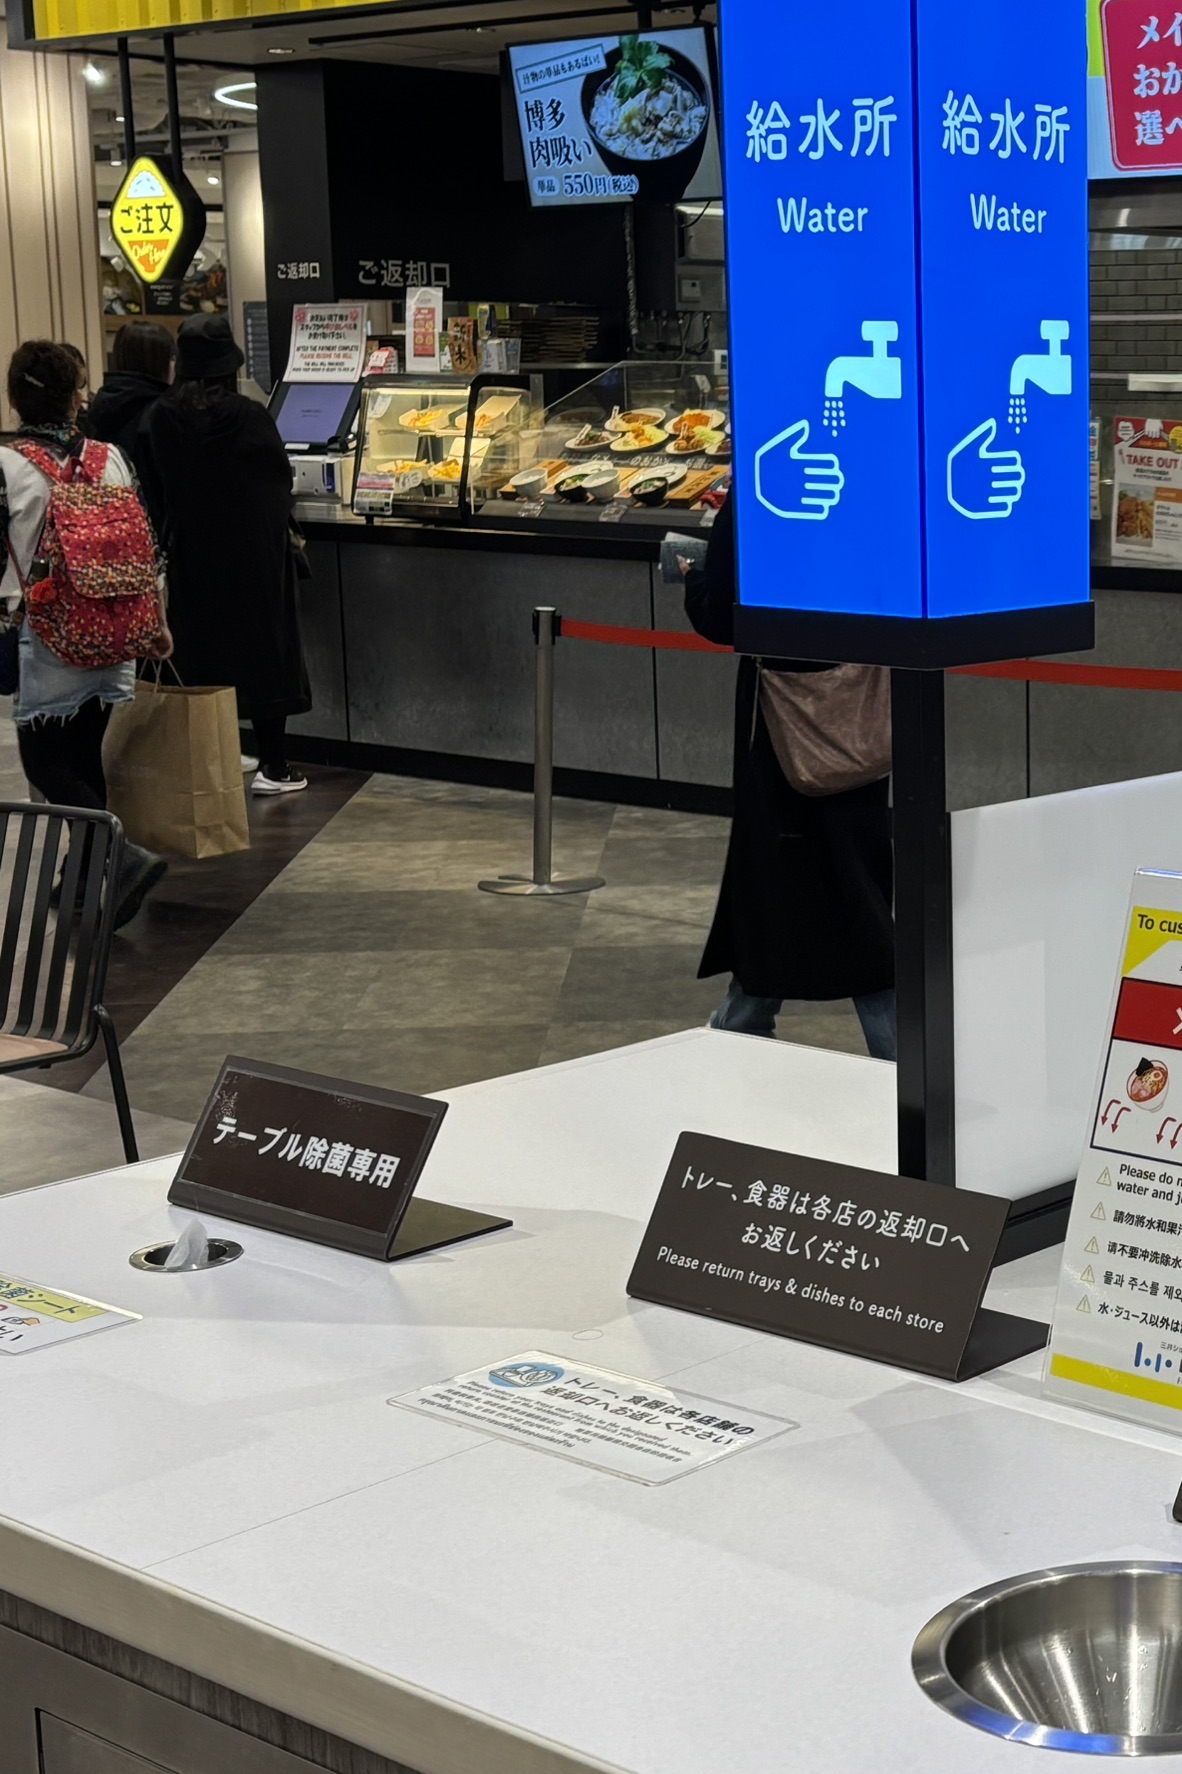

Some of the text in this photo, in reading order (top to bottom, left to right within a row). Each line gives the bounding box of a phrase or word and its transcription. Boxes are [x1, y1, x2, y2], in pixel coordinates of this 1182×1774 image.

[524, 98, 566, 133] 博多
[746, 95, 898, 163] 給水所
[942, 89, 1071, 164] 給水所
[529, 135, 593, 169] 肉吸い
[119, 203, 175, 235] ご注文
[777, 197, 868, 233] Water
[970, 193, 1047, 234] Water
[277, 262, 321, 280] ご返却口
[358, 259, 451, 289] ご返却口
[1126, 454, 1179, 469] TAKE OUT
[1137, 914, 1155, 931] To
[212, 1115, 402, 1190] テーブル除菌専用
[1116, 1181, 1150, 1196] water
[1151, 1189, 1174, 1202] and
[1119, 1163, 1156, 1182] Please
[1158, 1172, 1174, 1185] do
[680, 1164, 971, 1253] トレー、食器は各店の返却口へ
[740, 1222, 881, 1272] お返しください
[656, 1245, 945, 1334] Please return trays & dishes to each store
[1103, 1270, 1125, 1288] 물과
[1128, 1276, 1160, 1296] 주스를
[539, 1385, 735, 1446] 返却口へお返しください
[564, 1377, 755, 1435] トレー、食器は各店舗の
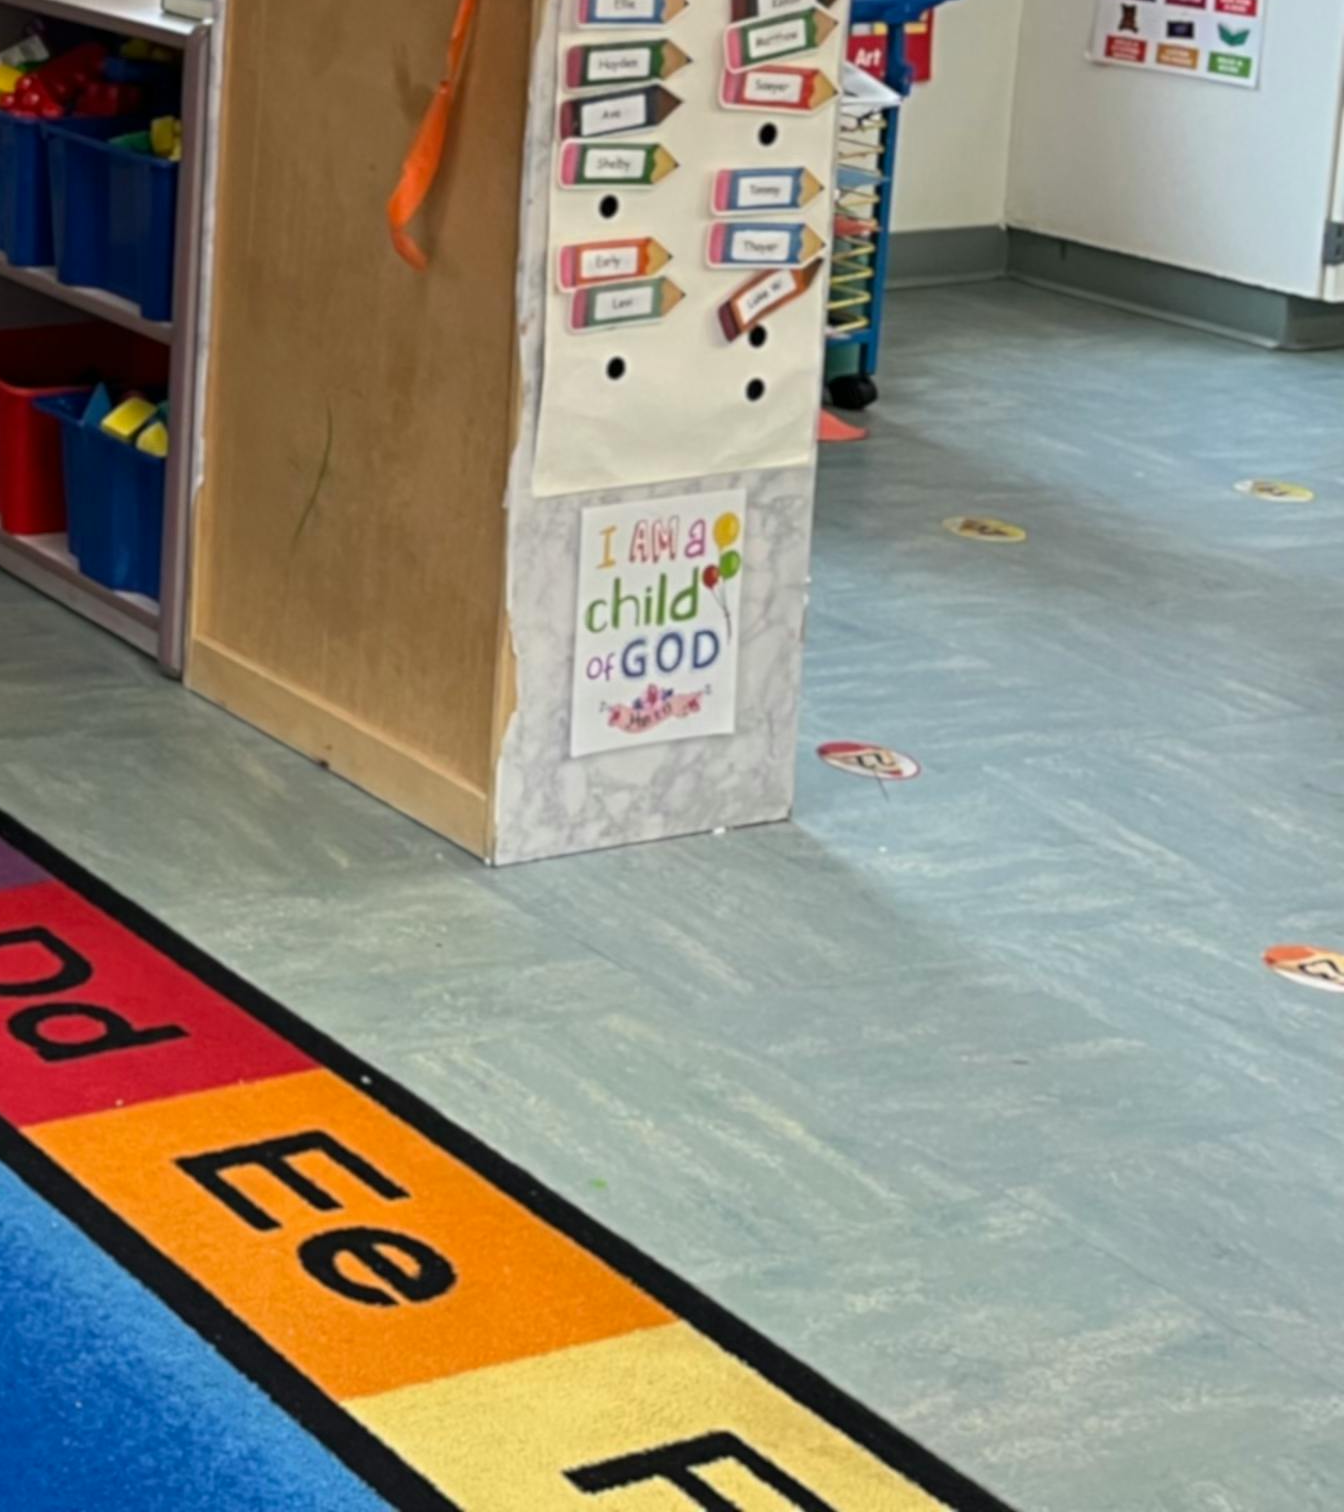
============
▶ **WHAT THE EXERCISE ASKS**: Each line above is to be repeated exactly as written; no picture is carried over.

▶ **TASK SOLUTION**:
Some of the text in this photo, in reading order (top to bottom, left to right within a row). Each line gives the bounding box of a phrase or word and its transcription. Boxes are [x1, y1, x2, y2], in pixel coordinates of this 1182×1774 image.

[524, 98, 566, 133] 博多
[746, 95, 898, 163] 給水所
[942, 89, 1071, 164] 給水所
[529, 135, 593, 169] 肉吸い
[119, 203, 175, 235] ご注文
[777, 197, 868, 233] Water
[970, 193, 1047, 234] Water
[277, 262, 321, 280] ご返却口
[358, 259, 451, 289] ご返却口
[1126, 454, 1179, 469] TAKE OUT
[1137, 914, 1155, 931] To
[212, 1115, 402, 1190] テーブル除菌専用
[1116, 1181, 1150, 1196] water
[1151, 1189, 1174, 1202] and
[1119, 1163, 1156, 1182] Please
[1158, 1172, 1174, 1185] do
[680, 1164, 971, 1253] トレー、食器は各店の返却口へ
[740, 1222, 881, 1272] お返しください
[656, 1245, 945, 1334] Please return trays & dishes to each store
[1103, 1270, 1125, 1288] 물과
[1128, 1276, 1160, 1296] 주스를
[539, 1385, 735, 1446] 返却口へお返しください
[564, 1377, 755, 1435] トレー、食器は各店舗の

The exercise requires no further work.